▶ EXERCISE INSTRUCTIONS: Start to finish, retype the entries exactly while omitting the pictures.
☆ ☆ ☆ ☆ ☆ ☆ ☆
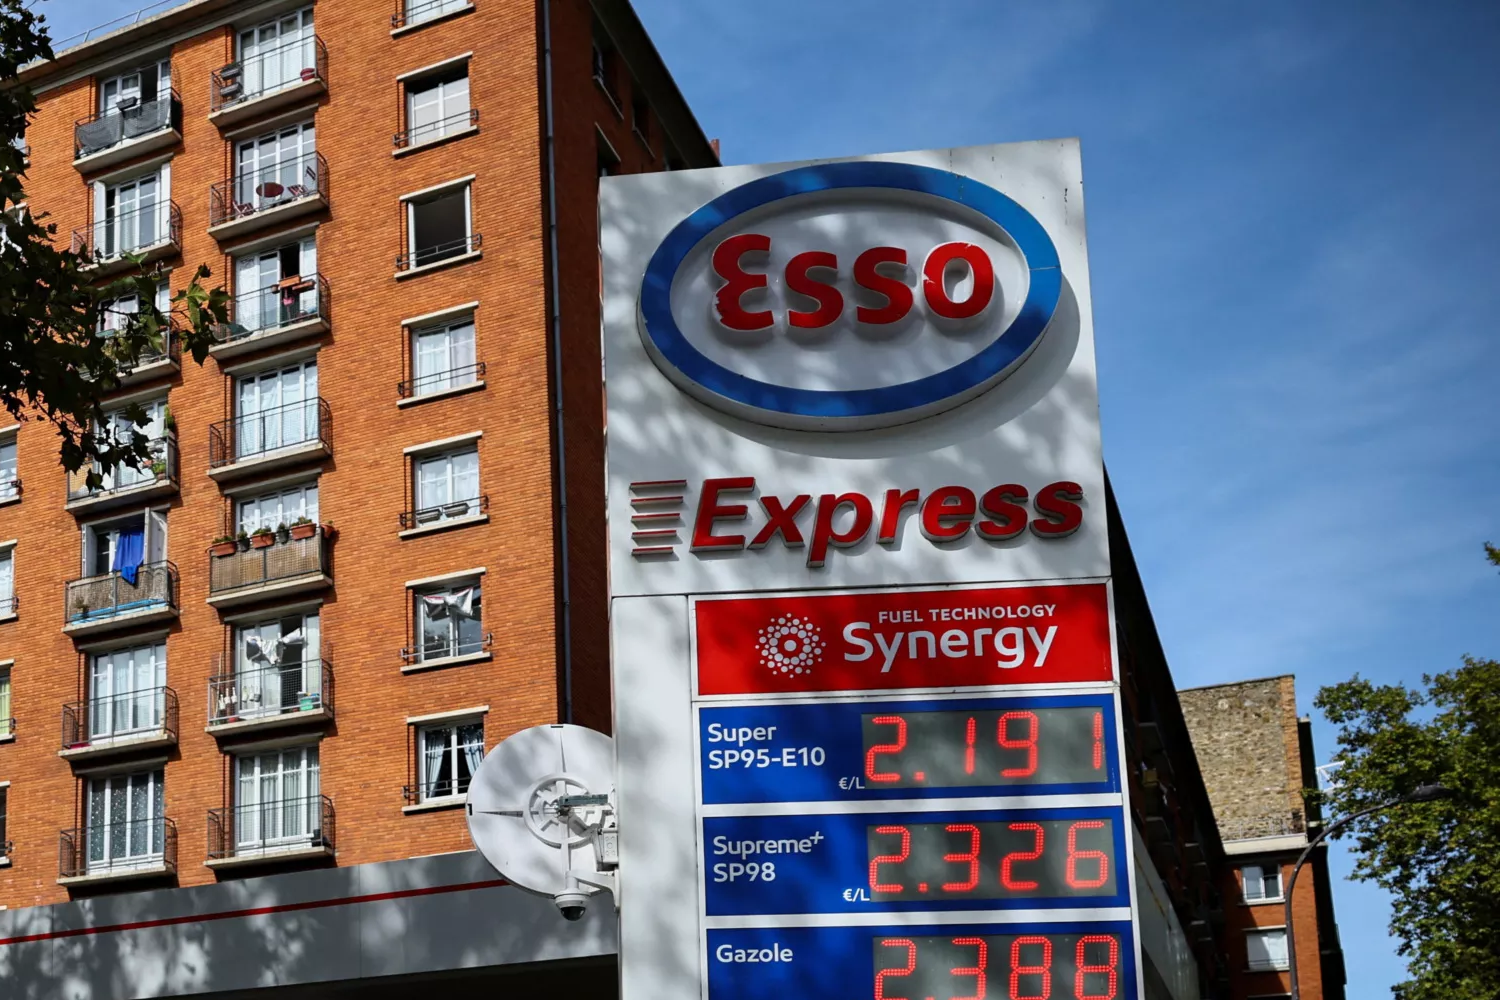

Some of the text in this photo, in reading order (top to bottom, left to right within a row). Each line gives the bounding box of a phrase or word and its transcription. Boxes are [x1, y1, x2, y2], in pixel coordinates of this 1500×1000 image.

[711, 233, 995, 331] Esso
[690, 476, 1085, 568] Express
[878, 604, 1057, 624] FUEL TECHNOLOGY
[842, 622, 1059, 673] Synergy
[707, 723, 777, 746] Super
[865, 710, 1102, 782] 2.191
[708, 747, 826, 769] SP95-E10
[838, 775, 865, 790] €/L
[868, 821, 1109, 893] 2.326
[713, 862, 776, 882] SP98
[843, 887, 870, 902] €/L
[716, 943, 793, 963] Gazole
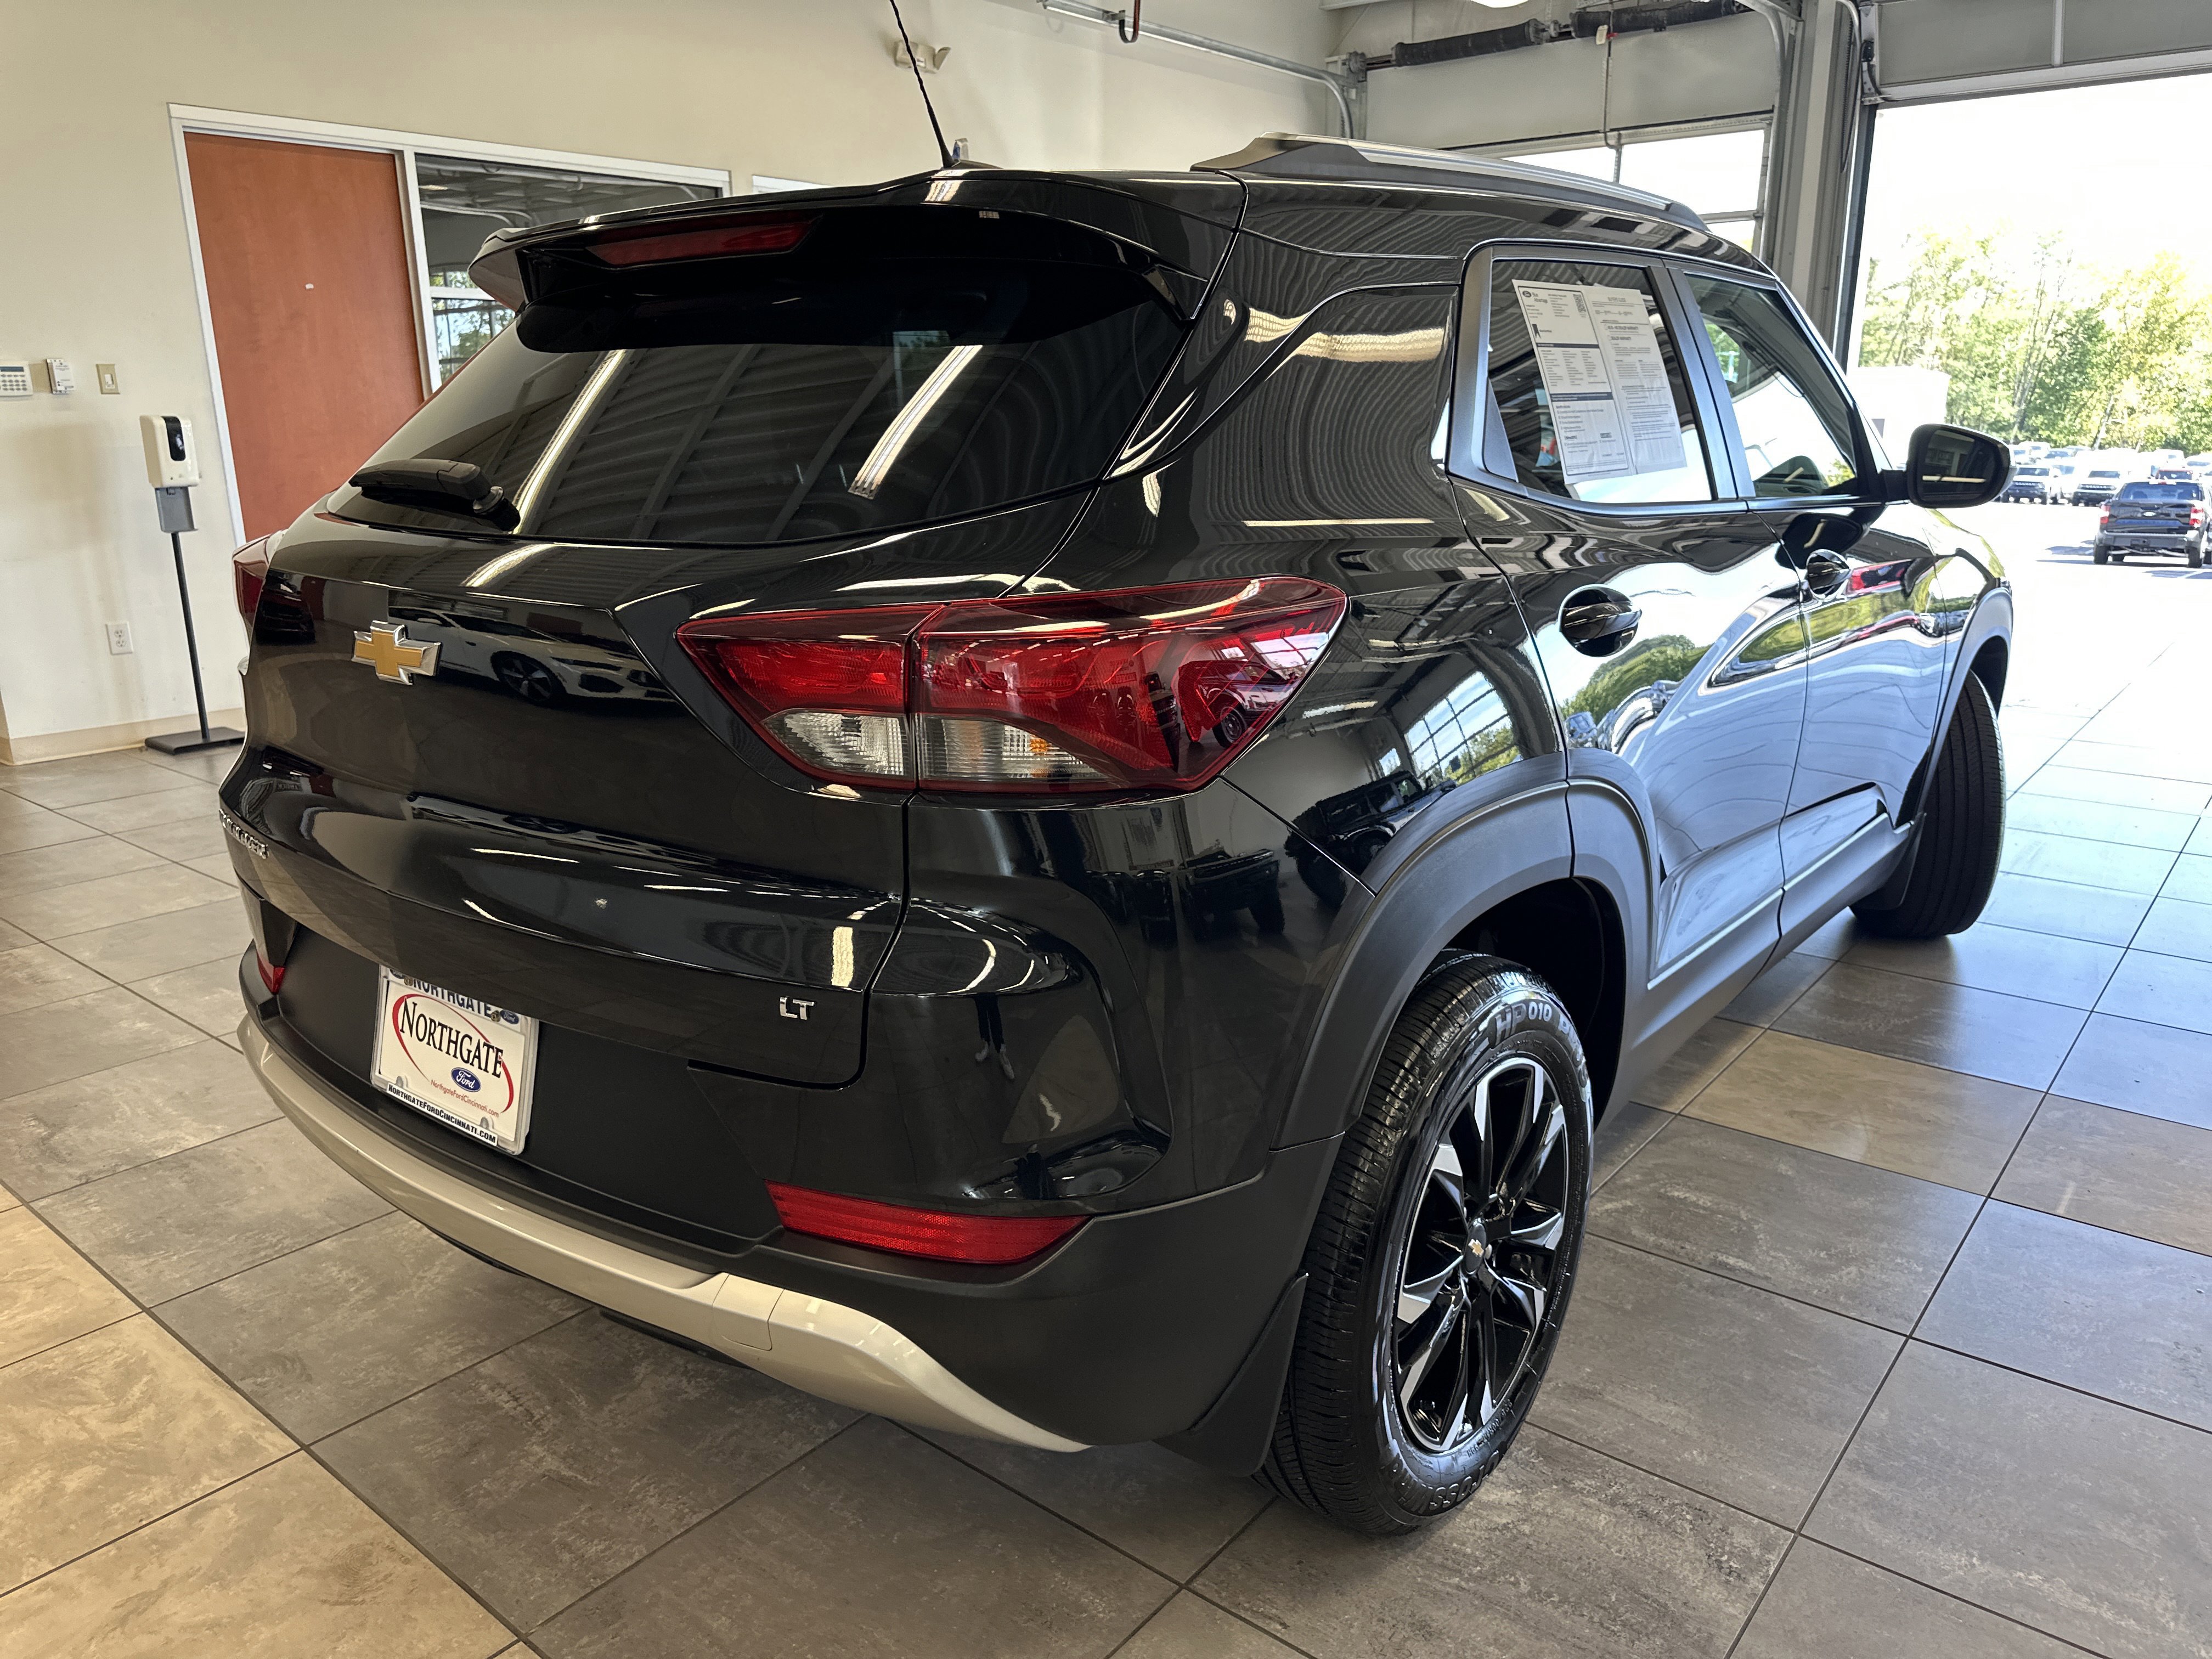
☆ ☆ ☆ ☆ ☆ ☆ ☆
▶ TASK ANSWER:
Some of the text in this photo, in reading order (top to bottom, left to right within a row). Each line gives the bounding box of a phrase or word and its transcription. Boxes are [x1, y1, x2, y2], in pixel coordinates of this 1500×1000 image.

[711, 233, 995, 331] Esso
[690, 476, 1085, 568] Express
[878, 604, 1057, 624] FUEL TECHNOLOGY
[842, 622, 1059, 673] Synergy
[707, 723, 777, 746] Super
[865, 710, 1102, 782] 2.191
[708, 747, 826, 769] SP95-E10
[838, 775, 865, 790] €/L
[868, 821, 1109, 893] 2.326
[713, 862, 776, 882] SP98
[843, 887, 870, 902] €/L
[716, 943, 793, 963] Gazole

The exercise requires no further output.